Within the records below, repeat each line exactly but keep every picture out of the copy.

--------------------------------------------------

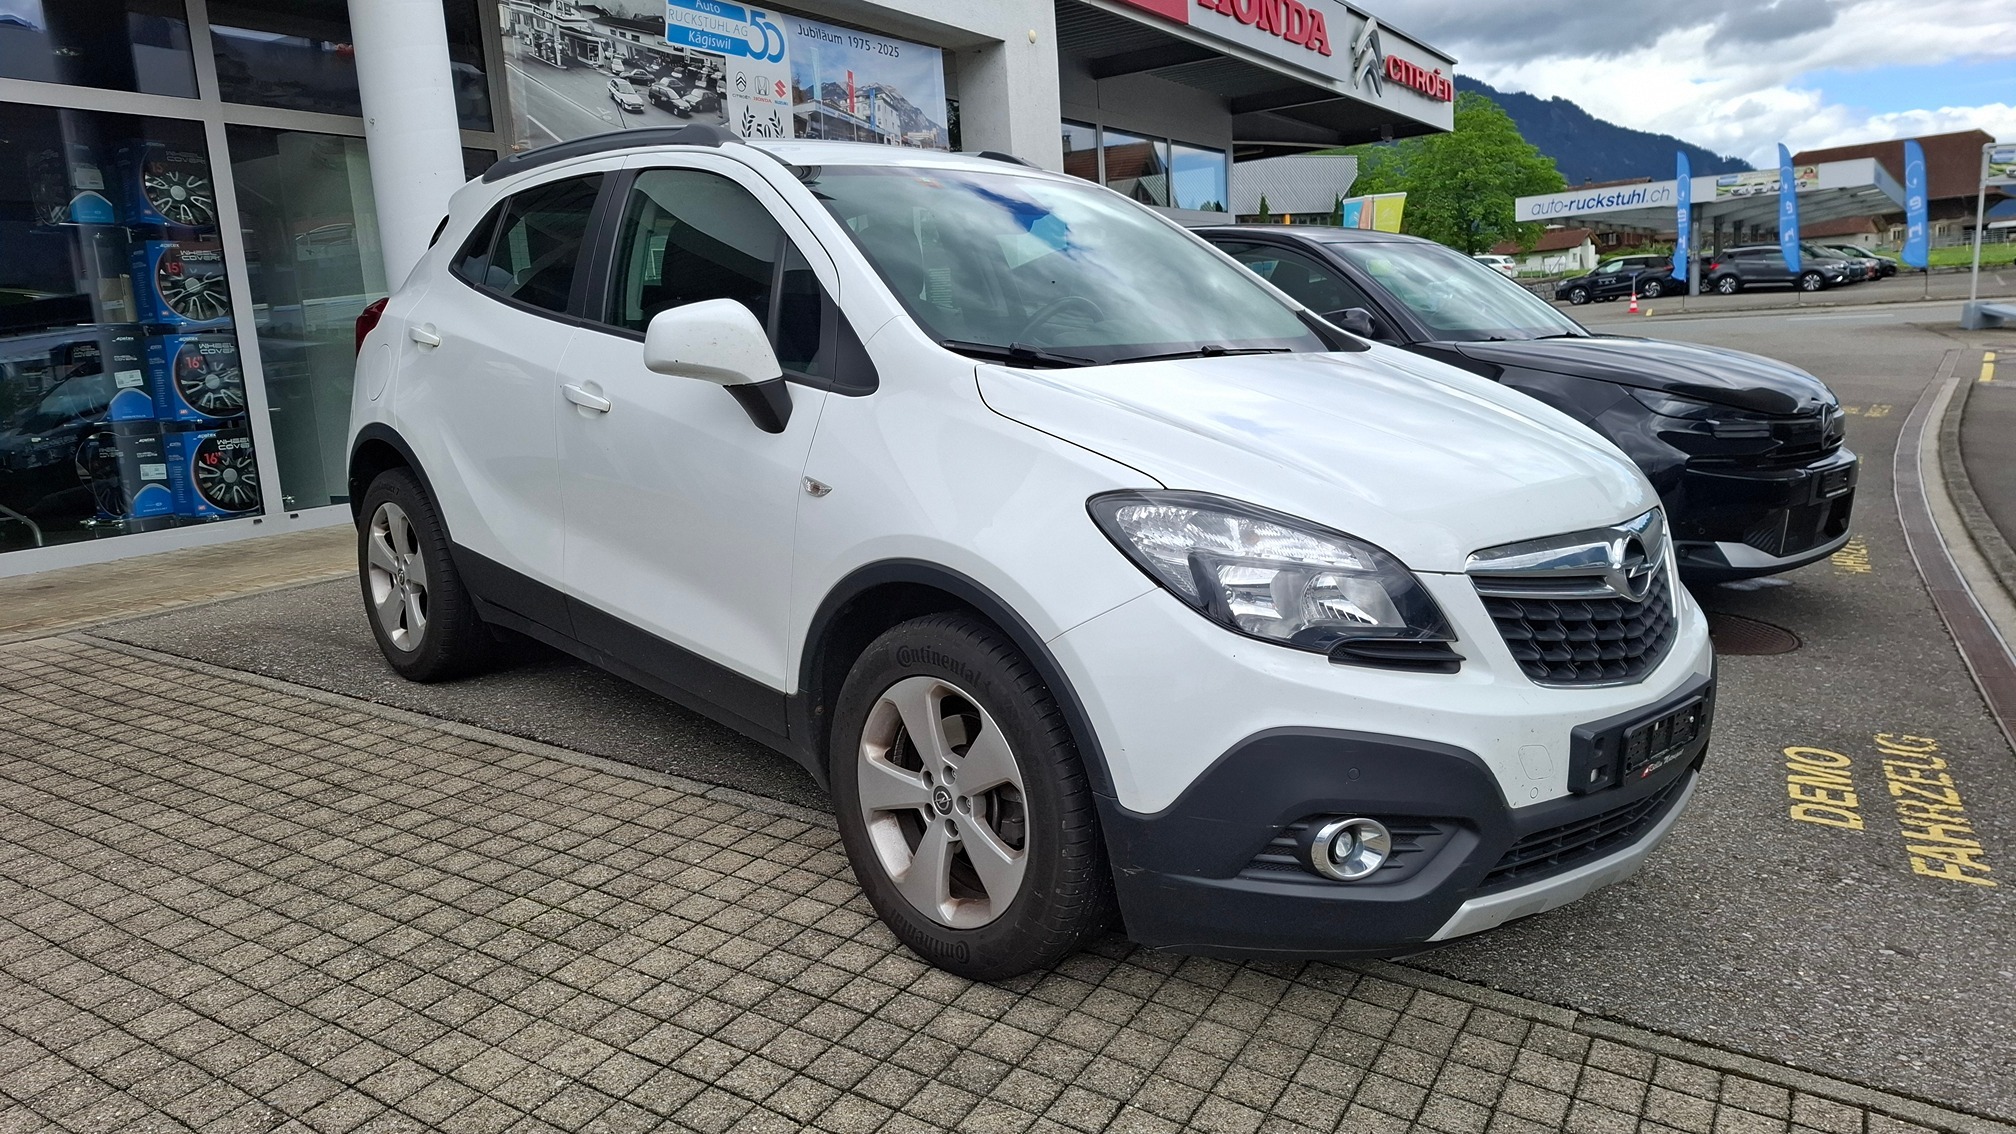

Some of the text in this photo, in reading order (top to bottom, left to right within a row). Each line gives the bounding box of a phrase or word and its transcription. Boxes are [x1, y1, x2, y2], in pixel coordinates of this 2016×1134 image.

[668, 8, 749, 37] RUCKSTUHL AG
[695, 0, 721, 14] Auto
[688, 30, 731, 50] Kägiswil
[797, 24, 843, 45] Jubiläum
[847, 35, 870, 51] 1975
[877, 42, 900, 58] 2025
[1385, 54, 1452, 103] CITROËN
[1531, 183, 1671, 216] auto-ruckstuhl.ch
[896, 645, 982, 689] Continental
[1781, 745, 1866, 831] DEMO
[1873, 732, 1999, 887] FAHRZEUG
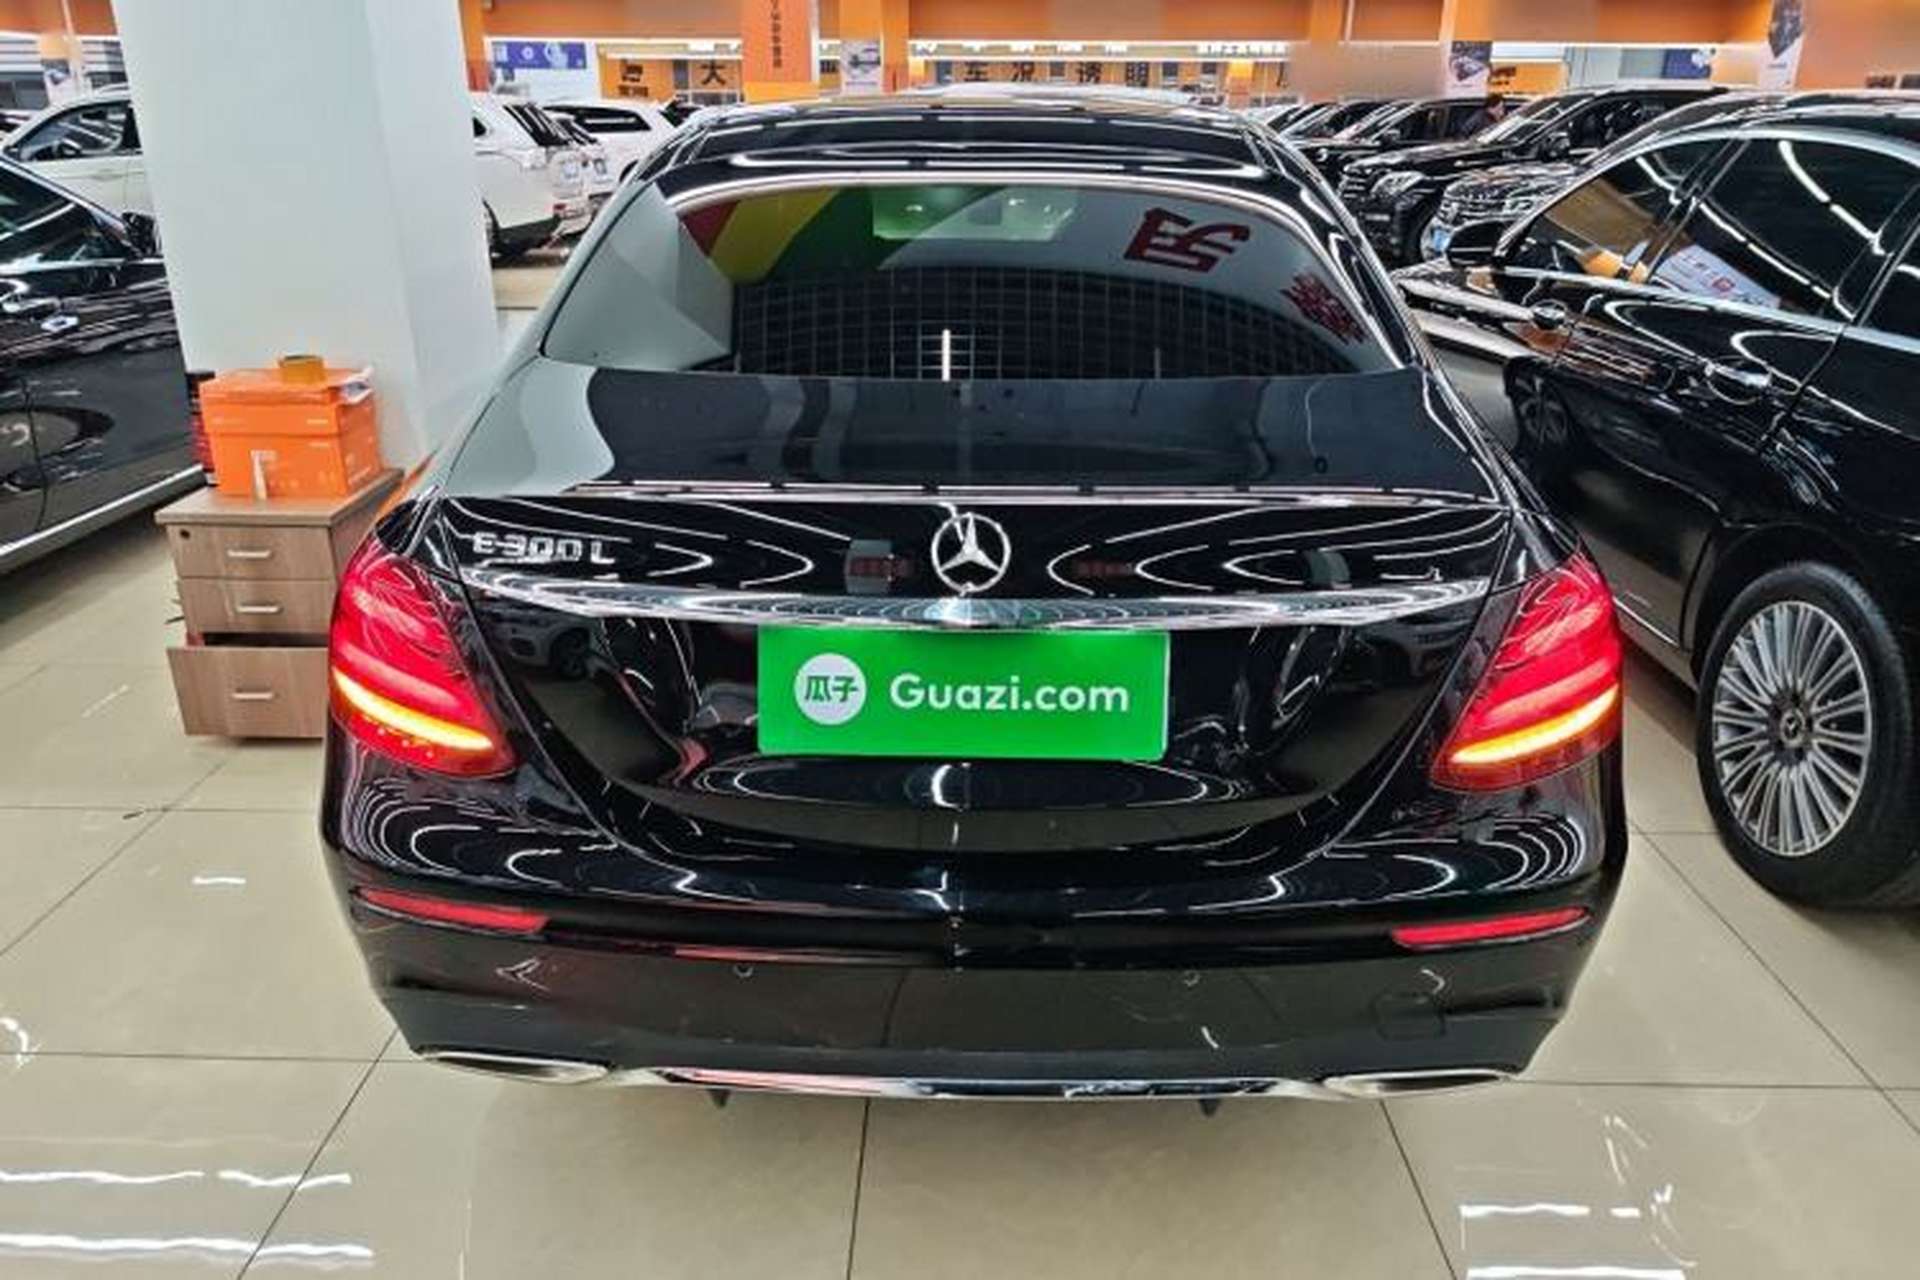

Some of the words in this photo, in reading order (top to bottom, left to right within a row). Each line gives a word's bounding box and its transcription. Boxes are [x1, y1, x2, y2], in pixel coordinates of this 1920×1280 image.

[700, 60, 726, 85] 大
[472, 531, 583, 562] E300
[590, 541, 615, 564] L
[805, 675, 859, 703] 瓜子
[889, 672, 1130, 712] Guazi.com
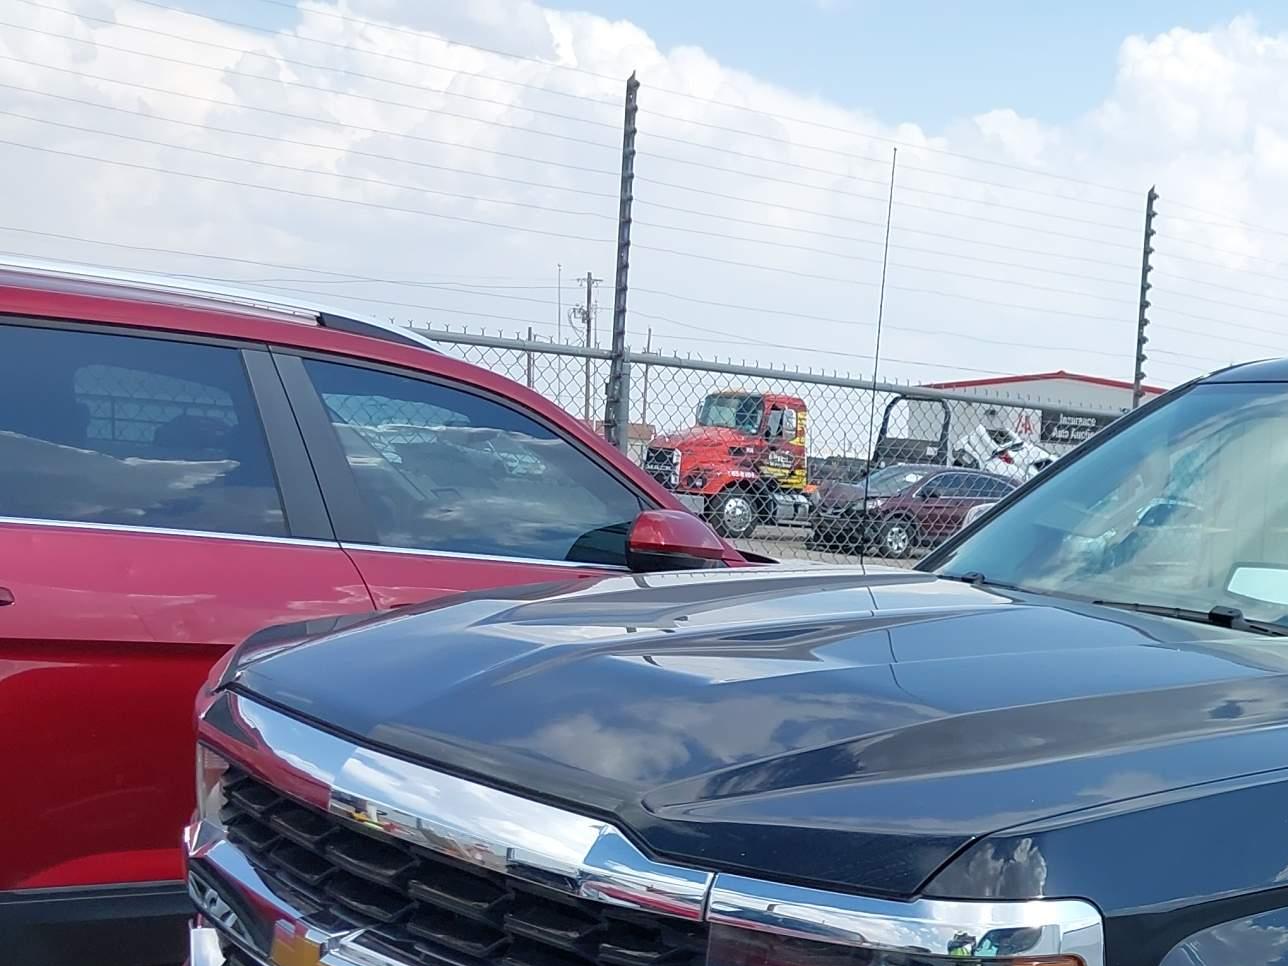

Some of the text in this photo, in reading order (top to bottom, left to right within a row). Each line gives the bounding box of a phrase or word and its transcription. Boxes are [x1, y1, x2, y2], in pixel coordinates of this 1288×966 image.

[1059, 413, 1096, 426] Insurance
[1052, 427, 1096, 439] Auto Auctio
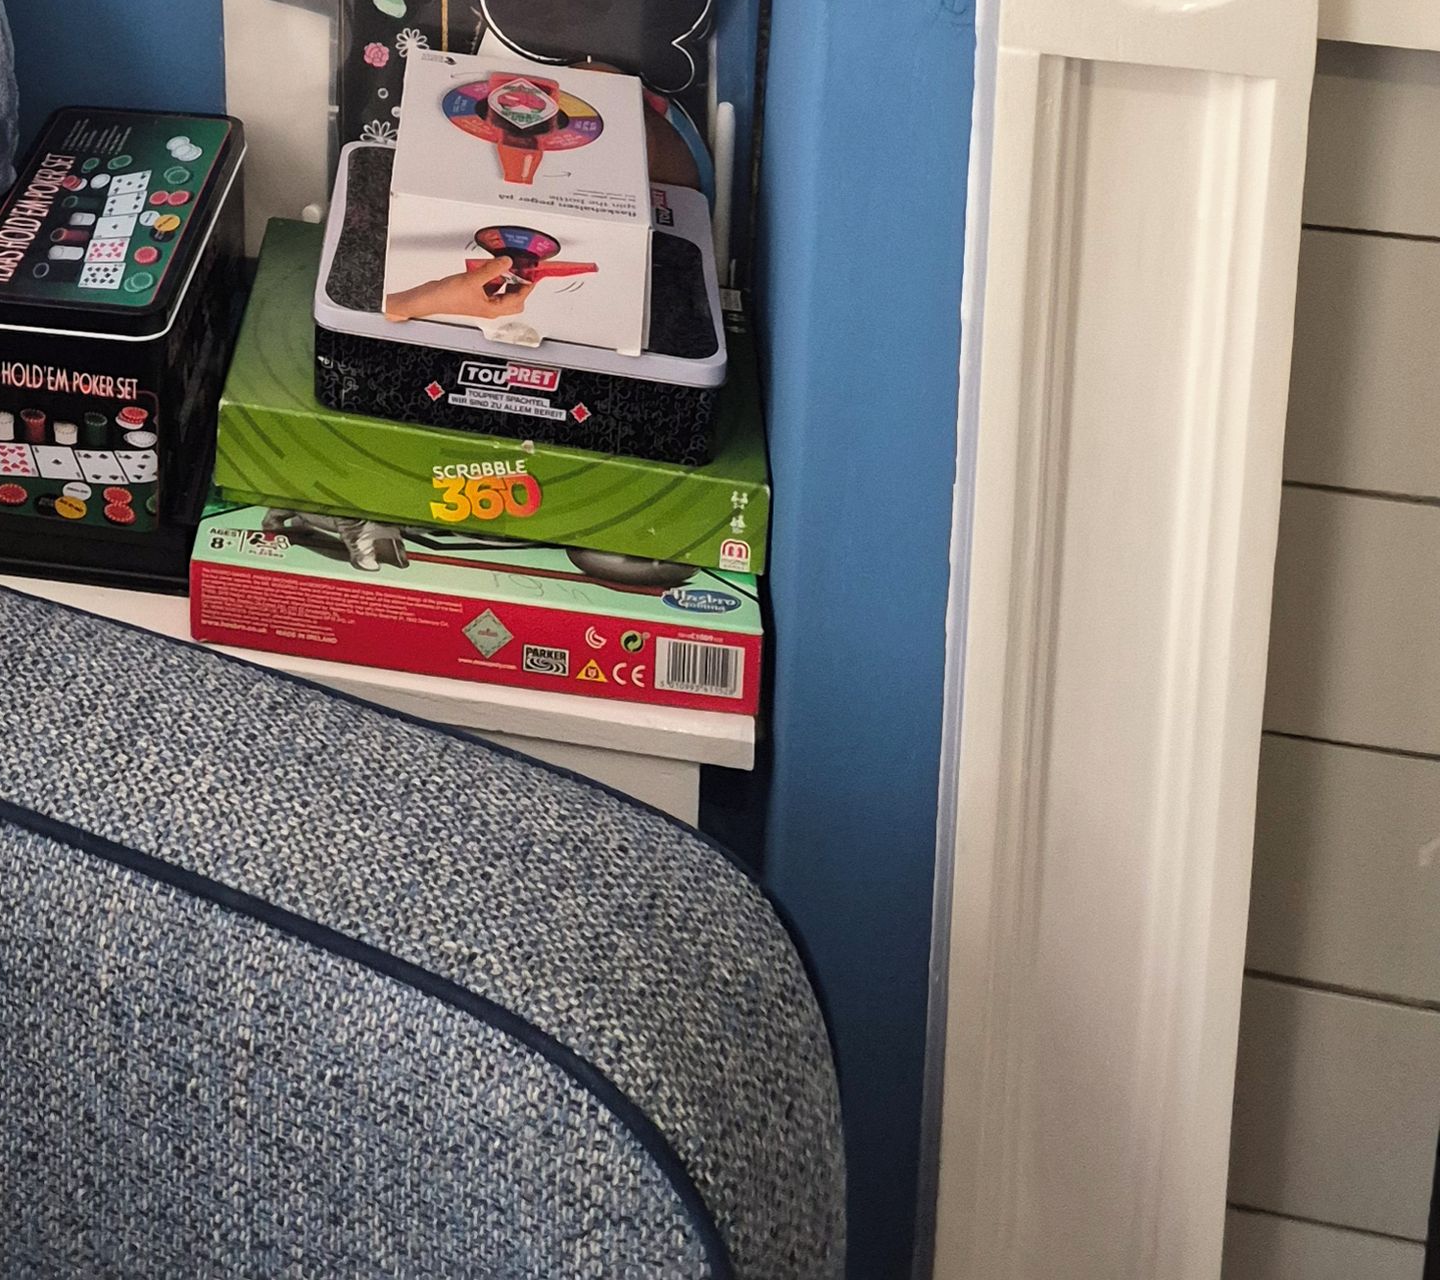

--------------------------------------------------

* _Your solution_:
Some of the text in this photo, in reading order (top to bottom, left to right within a row). Each line gives the bounding box of a phrase or word and its transcription. Boxes are [x1, y1, x2, y2], in pixel coordinates of this 2016×1134 image.

[668, 8, 749, 37] RUCKSTUHL AG
[695, 0, 721, 14] Auto
[688, 30, 731, 50] Kägiswil
[797, 24, 843, 45] Jubiläum
[847, 35, 870, 51] 1975
[877, 42, 900, 58] 2025
[1385, 54, 1452, 103] CITROËN
[1531, 183, 1671, 216] auto-ruckstuhl.ch
[896, 645, 982, 689] Continental
[1781, 745, 1866, 831] DEMO
[1873, 732, 1999, 887] FAHRZEUG

Some of the words in this photo, in reading order (top to bottom, left to right within a row). Each line gives a word's bounding box and its transcription. Boxes are [x1, y1, x2, y2], in pixel coordinates of this 1920×1280 image.

[700, 60, 726, 85] 大
[472, 531, 583, 562] E300
[590, 541, 615, 564] L
[805, 675, 859, 703] 瓜子
[889, 672, 1130, 712] Guazi.com

Some of the text in this photo, in reading order (top to bottom, left to right within a row). Each line gives the bounding box of a phrase or word and its transcription. Boxes are [x1, y1, x2, y2], in pixel coordinates of this 1288×966 image.

[1059, 413, 1096, 426] Insurance
[1052, 427, 1096, 439] Auto Auctio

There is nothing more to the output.